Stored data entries
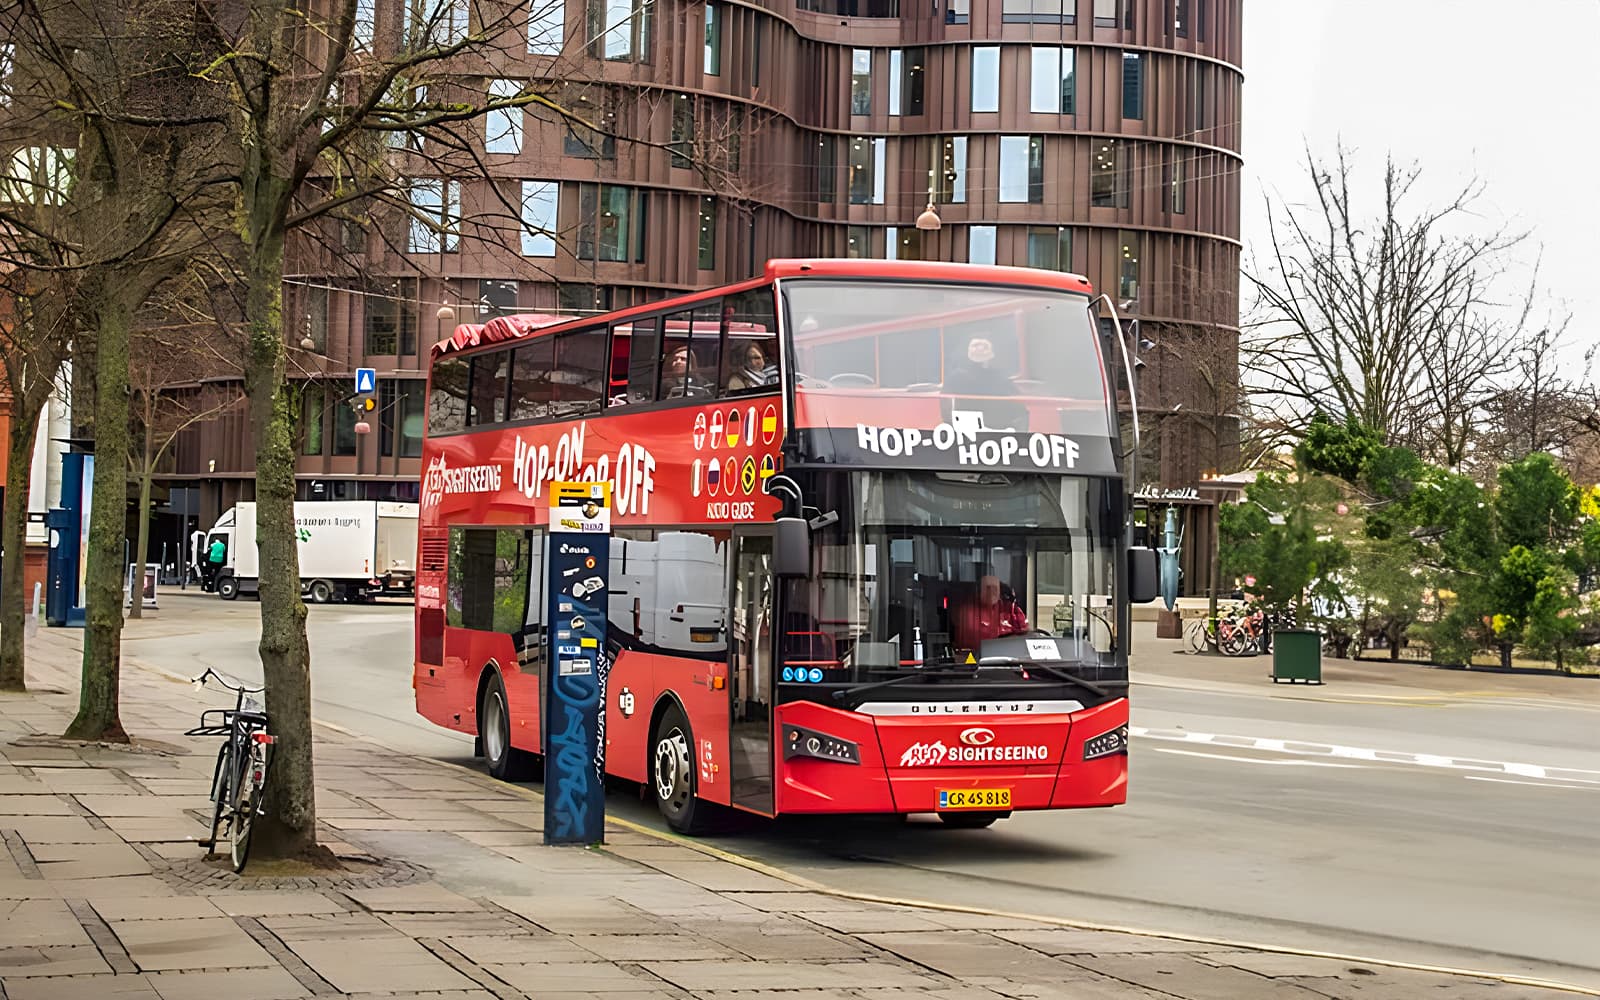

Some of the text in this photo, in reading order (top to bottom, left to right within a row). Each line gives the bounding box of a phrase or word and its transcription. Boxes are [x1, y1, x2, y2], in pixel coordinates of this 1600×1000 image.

[857, 422, 976, 457] HOP-ON
[958, 432, 1080, 468] HOP-OFF
[513, 420, 586, 499] HOP-ON
[948, 745, 1049, 762] SIGHTSEEING

• _Aim of the task_
Apart from the pictures, every line above must be printed exactly.

• _Answer to this exercise_
Some of the text in this photo, in reading order (top to bottom, left to right within a row). Each line gives the bounding box of a phrase or word and its transcription. Boxes are [x1, y1, x2, y2], in pixel coordinates of this 1600×1000 image.

[857, 422, 976, 457] HOP-ON
[958, 432, 1080, 468] HOP-OFF
[513, 420, 586, 499] HOP-ON
[948, 745, 1049, 762] SIGHTSEEING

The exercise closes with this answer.